Apart from the images, every record here needs to be copied exactly.
(Data records begins)
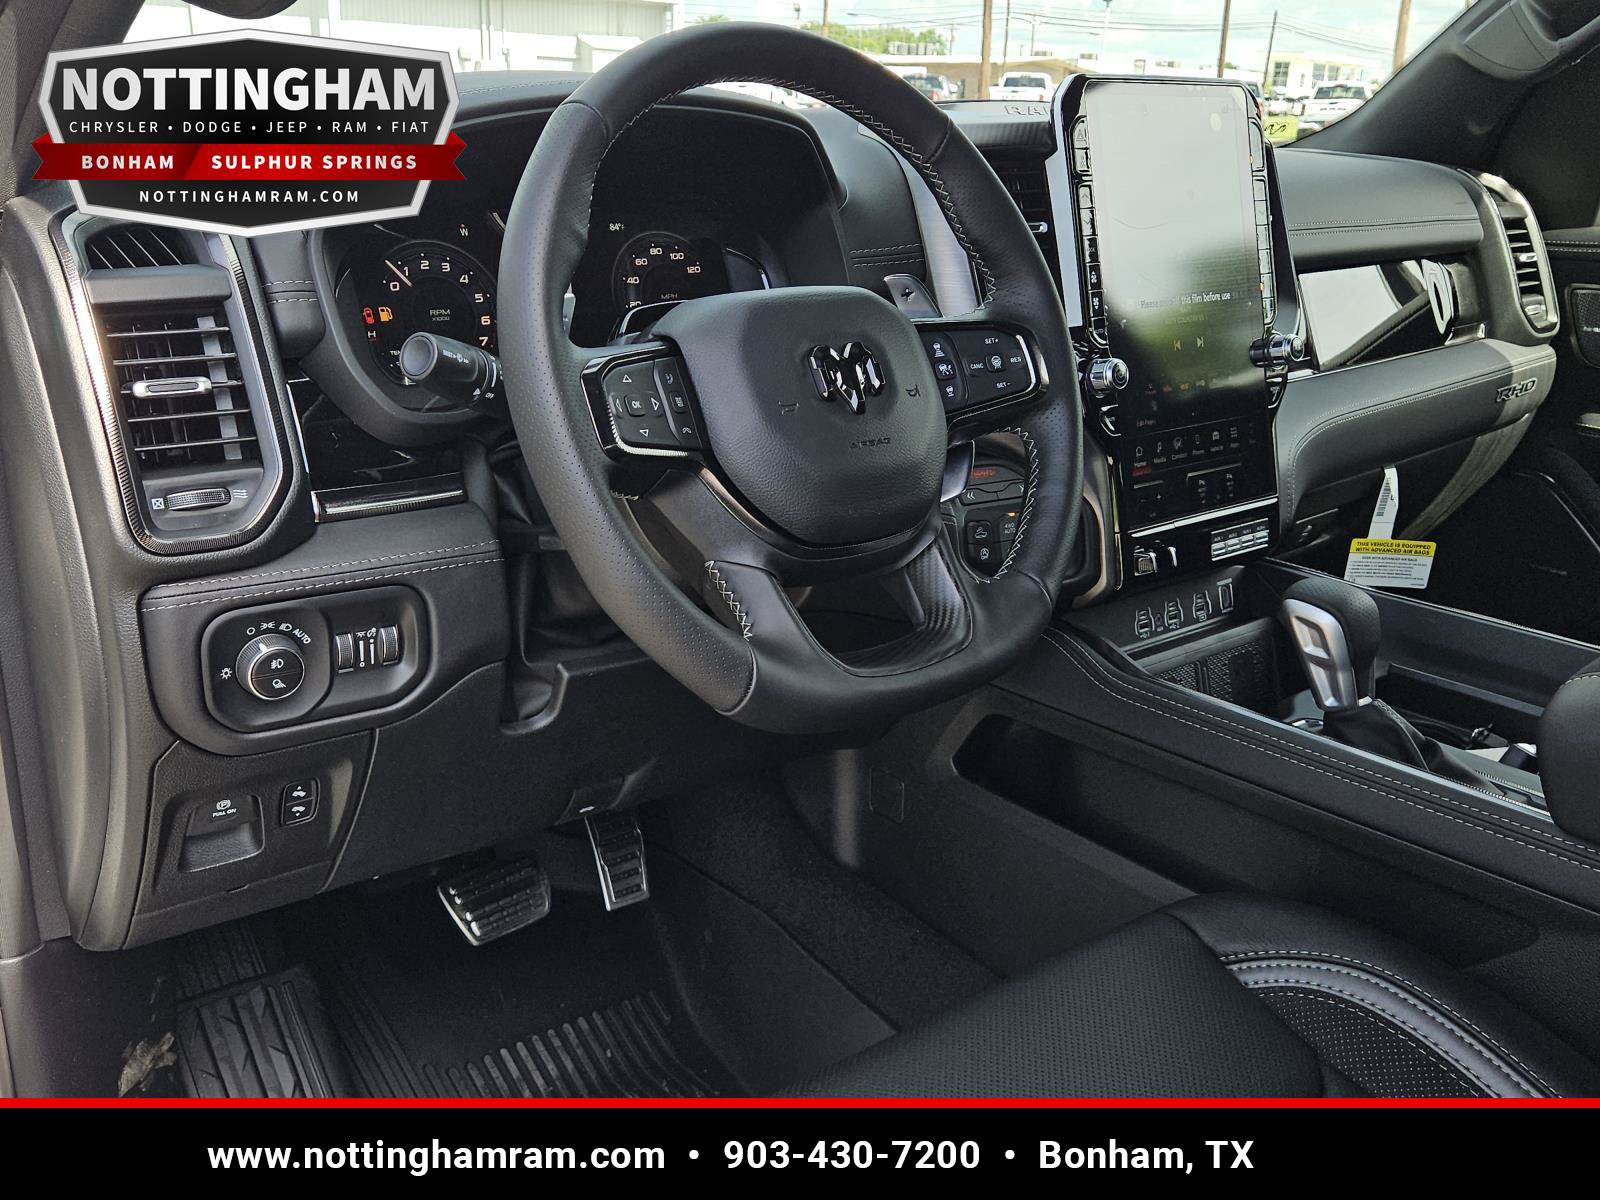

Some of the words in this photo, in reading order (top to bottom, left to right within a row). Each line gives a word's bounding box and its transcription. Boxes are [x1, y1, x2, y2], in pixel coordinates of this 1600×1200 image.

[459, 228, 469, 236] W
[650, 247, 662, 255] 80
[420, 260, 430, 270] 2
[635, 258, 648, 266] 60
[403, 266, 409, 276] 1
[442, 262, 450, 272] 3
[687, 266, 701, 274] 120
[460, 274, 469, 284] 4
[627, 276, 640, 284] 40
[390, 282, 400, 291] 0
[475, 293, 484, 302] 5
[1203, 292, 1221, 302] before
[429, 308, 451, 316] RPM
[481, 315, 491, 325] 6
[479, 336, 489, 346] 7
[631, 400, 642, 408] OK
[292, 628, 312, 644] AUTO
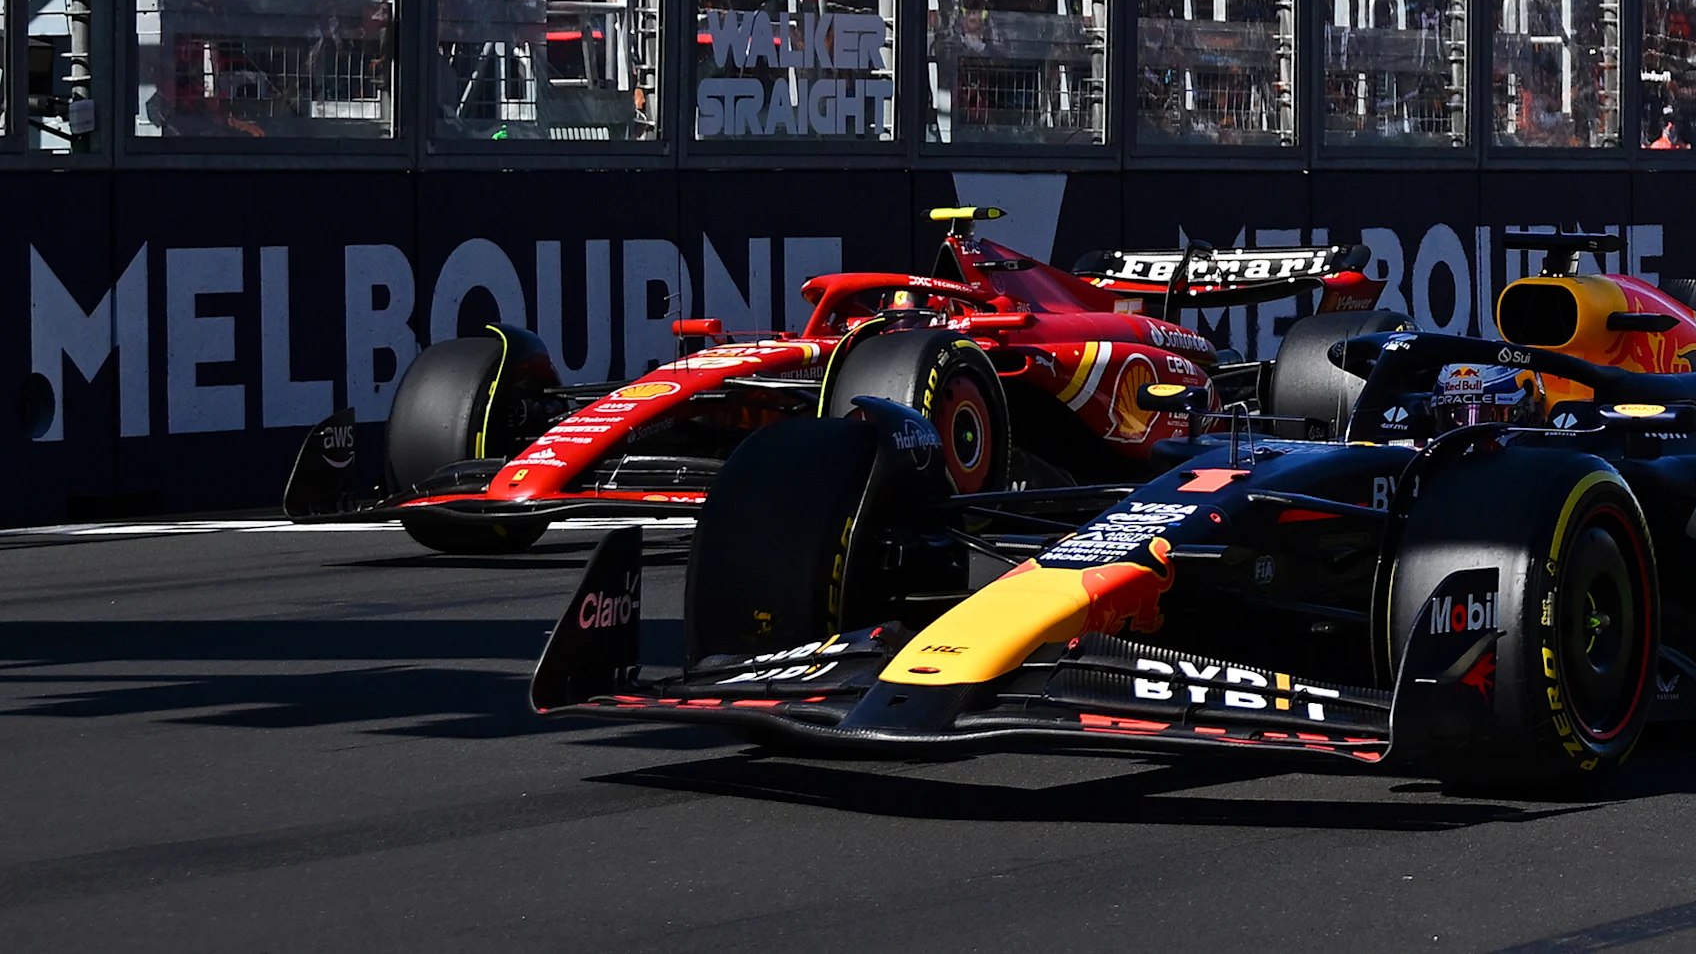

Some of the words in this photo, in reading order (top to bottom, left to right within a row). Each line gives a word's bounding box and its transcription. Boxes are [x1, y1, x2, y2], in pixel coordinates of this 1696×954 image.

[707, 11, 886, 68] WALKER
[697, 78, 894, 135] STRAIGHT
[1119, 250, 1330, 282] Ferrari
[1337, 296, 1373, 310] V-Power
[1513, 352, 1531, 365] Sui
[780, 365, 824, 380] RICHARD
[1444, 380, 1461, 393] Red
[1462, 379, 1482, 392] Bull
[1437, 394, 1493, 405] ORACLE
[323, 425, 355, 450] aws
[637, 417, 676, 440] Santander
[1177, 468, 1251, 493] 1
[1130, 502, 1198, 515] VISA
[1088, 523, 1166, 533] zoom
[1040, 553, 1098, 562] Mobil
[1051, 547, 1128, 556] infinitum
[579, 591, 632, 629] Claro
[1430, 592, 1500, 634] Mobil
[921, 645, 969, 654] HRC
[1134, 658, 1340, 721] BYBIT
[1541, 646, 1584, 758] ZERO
(Data records ends)
◆ Problem solution ◆
Some of the words in this photo, in reading order (top to bottom, left to right within a row). Each line gives a word's bounding box and its transcription. Boxes are [x1, y1, x2, y2], in pixel coordinates of this 1600×1200 image.

[459, 228, 469, 236] W
[650, 247, 662, 255] 80
[420, 260, 430, 270] 2
[635, 258, 648, 266] 60
[403, 266, 409, 276] 1
[442, 262, 450, 272] 3
[687, 266, 701, 274] 120
[460, 274, 469, 284] 4
[627, 276, 640, 284] 40
[390, 282, 400, 291] 0
[475, 293, 484, 302] 5
[1203, 292, 1221, 302] before
[429, 308, 451, 316] RPM
[481, 315, 491, 325] 6
[479, 336, 489, 346] 7
[631, 400, 642, 408] OK
[292, 628, 312, 644] AUTO

Some of the words in this photo, in reading order (top to bottom, left to right within a row). Each line gives a word's bounding box and its transcription. Boxes are [x1, y1, x2, y2], in pixel coordinates of this 1696×954 image.

[707, 11, 886, 68] WALKER
[697, 78, 894, 135] STRAIGHT
[1119, 250, 1330, 282] Ferrari
[1337, 296, 1373, 310] V-Power
[1513, 352, 1531, 365] Sui
[780, 365, 824, 380] RICHARD
[1444, 380, 1461, 393] Red
[1462, 379, 1482, 392] Bull
[1437, 394, 1493, 405] ORACLE
[323, 425, 355, 450] aws
[637, 417, 676, 440] Santander
[1177, 468, 1251, 493] 1
[1130, 502, 1198, 515] VISA
[1088, 523, 1166, 533] zoom
[1040, 553, 1098, 562] Mobil
[1051, 547, 1128, 556] infinitum
[579, 591, 632, 629] Claro
[1430, 592, 1500, 634] Mobil
[921, 645, 969, 654] HRC
[1134, 658, 1340, 721] BYBIT
[1541, 646, 1584, 758] ZERO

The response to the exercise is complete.